Nicaragua is a beautiful country to explore. Just remember to bring enough cash as many places do not accept credit cards.

Best time to visit Nicaragua

Top Picks

Top 5 Island Experiences in Nicaragua

1. Beach Bliss

Lying back on a perfect sandy beach is, quite literally, the least you could do while in paradise. For slightly more strenuous activities, take a dive into the Caribbean, Pacific or Lake Nicaraguan waters; or get to know the fishermen as they haul in their daily catch.

2. Get Fruity

Head inland to taste the real treats of Ometepe’s volcanic soil.
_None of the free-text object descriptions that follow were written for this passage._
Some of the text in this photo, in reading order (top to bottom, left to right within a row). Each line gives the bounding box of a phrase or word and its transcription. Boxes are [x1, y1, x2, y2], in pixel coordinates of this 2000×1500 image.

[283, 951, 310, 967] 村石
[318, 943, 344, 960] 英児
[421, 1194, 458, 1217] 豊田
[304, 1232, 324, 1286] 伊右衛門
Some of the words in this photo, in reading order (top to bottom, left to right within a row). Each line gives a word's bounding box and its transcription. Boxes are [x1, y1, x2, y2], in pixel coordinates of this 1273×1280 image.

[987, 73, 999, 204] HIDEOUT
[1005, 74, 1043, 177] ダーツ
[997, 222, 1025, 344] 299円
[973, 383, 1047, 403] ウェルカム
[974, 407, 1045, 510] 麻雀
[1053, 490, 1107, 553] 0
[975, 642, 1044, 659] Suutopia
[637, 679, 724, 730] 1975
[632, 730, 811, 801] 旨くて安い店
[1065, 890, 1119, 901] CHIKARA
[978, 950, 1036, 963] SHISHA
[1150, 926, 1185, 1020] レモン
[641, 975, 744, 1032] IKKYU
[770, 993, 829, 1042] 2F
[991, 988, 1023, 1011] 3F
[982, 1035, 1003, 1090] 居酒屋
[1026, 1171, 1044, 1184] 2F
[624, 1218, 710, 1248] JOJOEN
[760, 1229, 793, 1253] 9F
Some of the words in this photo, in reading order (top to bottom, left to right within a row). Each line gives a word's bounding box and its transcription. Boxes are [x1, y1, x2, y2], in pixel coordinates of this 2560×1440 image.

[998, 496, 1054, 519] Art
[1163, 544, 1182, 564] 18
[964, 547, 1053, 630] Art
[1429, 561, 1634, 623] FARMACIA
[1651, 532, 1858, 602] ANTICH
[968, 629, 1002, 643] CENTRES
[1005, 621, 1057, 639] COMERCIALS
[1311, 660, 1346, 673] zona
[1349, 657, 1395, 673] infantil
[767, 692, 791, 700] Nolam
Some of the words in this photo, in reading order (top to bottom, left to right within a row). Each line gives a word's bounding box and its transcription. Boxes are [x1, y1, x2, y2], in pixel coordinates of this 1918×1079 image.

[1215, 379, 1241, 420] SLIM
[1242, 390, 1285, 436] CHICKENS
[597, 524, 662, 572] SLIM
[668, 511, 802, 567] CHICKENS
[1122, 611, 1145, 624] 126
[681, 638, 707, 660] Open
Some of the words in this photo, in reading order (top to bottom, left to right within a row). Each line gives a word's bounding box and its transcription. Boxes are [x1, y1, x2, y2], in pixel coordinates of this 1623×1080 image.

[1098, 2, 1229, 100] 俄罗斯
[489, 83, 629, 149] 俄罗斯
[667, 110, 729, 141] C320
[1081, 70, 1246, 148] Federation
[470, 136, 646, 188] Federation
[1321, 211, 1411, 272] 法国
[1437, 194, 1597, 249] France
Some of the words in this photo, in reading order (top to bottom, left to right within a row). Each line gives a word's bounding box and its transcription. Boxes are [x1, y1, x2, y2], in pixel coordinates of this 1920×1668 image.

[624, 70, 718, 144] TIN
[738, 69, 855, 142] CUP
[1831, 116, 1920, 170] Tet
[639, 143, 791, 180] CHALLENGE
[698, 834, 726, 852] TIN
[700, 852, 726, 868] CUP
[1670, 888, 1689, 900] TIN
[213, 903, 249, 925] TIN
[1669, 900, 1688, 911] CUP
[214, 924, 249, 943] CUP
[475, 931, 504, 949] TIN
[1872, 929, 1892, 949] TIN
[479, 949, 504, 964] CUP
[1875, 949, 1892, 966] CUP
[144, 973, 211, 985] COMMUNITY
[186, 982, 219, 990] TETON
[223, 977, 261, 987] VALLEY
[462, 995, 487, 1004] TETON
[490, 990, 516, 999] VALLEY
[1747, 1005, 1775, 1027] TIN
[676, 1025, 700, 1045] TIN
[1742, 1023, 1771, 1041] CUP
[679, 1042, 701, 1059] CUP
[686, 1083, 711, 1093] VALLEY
Wander through watermelon crops, pick bananas off the tree, inhale the smell of citrus and gaze over miles of coffee plantations.

3. Climb a Volcano

If those steamy peaks have you hankering after toasted marshmallows, pack your sense of adventure and head uphill. Volcano Maderas reaches 1340m and a climb up here is certainly not for the faint hearted.

4. Monkey Around

Go on safari, island-style, and spot howler monkeys, colourful parrots and diverse plant life.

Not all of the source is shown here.